Las  históricas elecciones andaluzas del 2 de diciembre de 2018 han traído el fin de más de tres décadas de hegemonía socialista en la región, pero también la vuelta (otra vez) del miedo «al fascismo» que viene en forma del partido Vox. Como no podía ser de otra manera, junto al «fascismo» ha reverdecido el «antifascismo». Desde la misma noche electoral, con las papeletas aún sin ir al reciclaje, varios y varias políticos y políticas han manifestado la necesidad de «plantar cara» al «nuevo fascismo», bien en su forma institucional (Susana Díaz, con la cara desencajada) o bien en la calle (Pablo Iglesias y compañía). Y es que el término fascismo fascina, nos fascina a todos y a todas. Es uno de los términos políticos más utilizados y a la vez menos conocidos. Y en España sabemos mucho de esto.

   En general cuando se piensa en «fascismo» solemos simplificarlo y asociarlo a lo dictatorial, violento  y también a lo conservador o reaccionario. Así las cosas, todo puede llegar a ser «fascista» y por lo tanto, también todos y todas podemos ser «antifascistas». En España se ha utilizado el término con gran generosidad y se ha tachado de «fascista» al adversario político convirtiéndolo en  enemigo y por lo tanto, asimilable a ser erradicado por su maldad intrínseca.  Pero precisemos el concepto histórico y político de «fascismo».

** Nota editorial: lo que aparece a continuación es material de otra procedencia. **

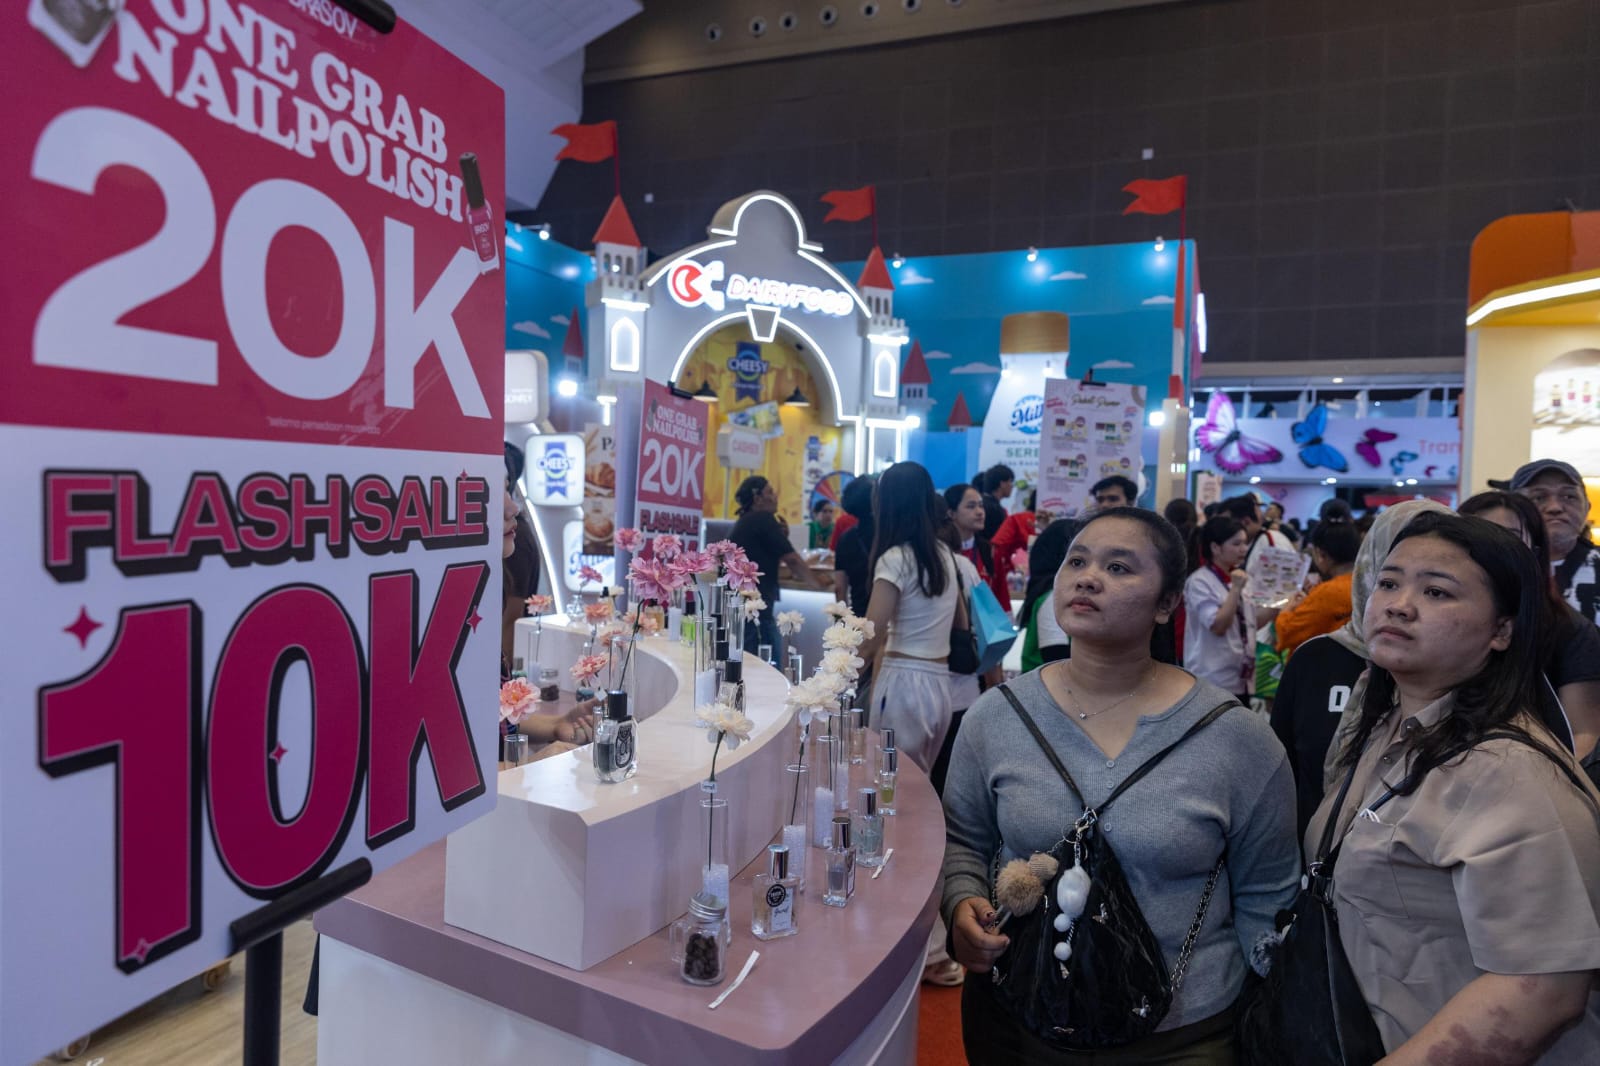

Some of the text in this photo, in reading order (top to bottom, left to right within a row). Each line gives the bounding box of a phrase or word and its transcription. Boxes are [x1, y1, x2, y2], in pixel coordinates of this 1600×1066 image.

   El término proviene del italiano «fascio» y significa «unión» o «liga» y era la forma con la que organizaciones radicales y sindicalistas se reconocían en la Italia de finales del siglo XIX y principios del XX. En 1919 esta denominación fue la tomada por el excombatiente y exsocialista Mussolini para llamar a su nuevo partido-milicia: los «Fasci Italiani di Combattimento». Había comenzado el fascismo. Como movimiento primero y luego régimen político, al alcanzar el poder, el fascismo fue un fenómeno específicamente europeo del periodo que comprende desde el final de la Primera Guerra Mundial hasta el final de la Segunda (1919-1945). Sus ejemplos más significativos ya los conocemos de sobra (o no, quién sabe) y fueron la Italia mussoliniana y la Alemania nazi de Hitler. En cuando al régimen de Franco mucho se sigue discutiendo sobre si fue o no fascista, pero indudablemente no fue casualidad que gracias a nazis y fascistas lograra la victoria en la Guerra Civil y que se apoyara en el partido español más cercano al fascismo (FE de las JONS de José Antonio Primo de Rivera) para crear su partido único.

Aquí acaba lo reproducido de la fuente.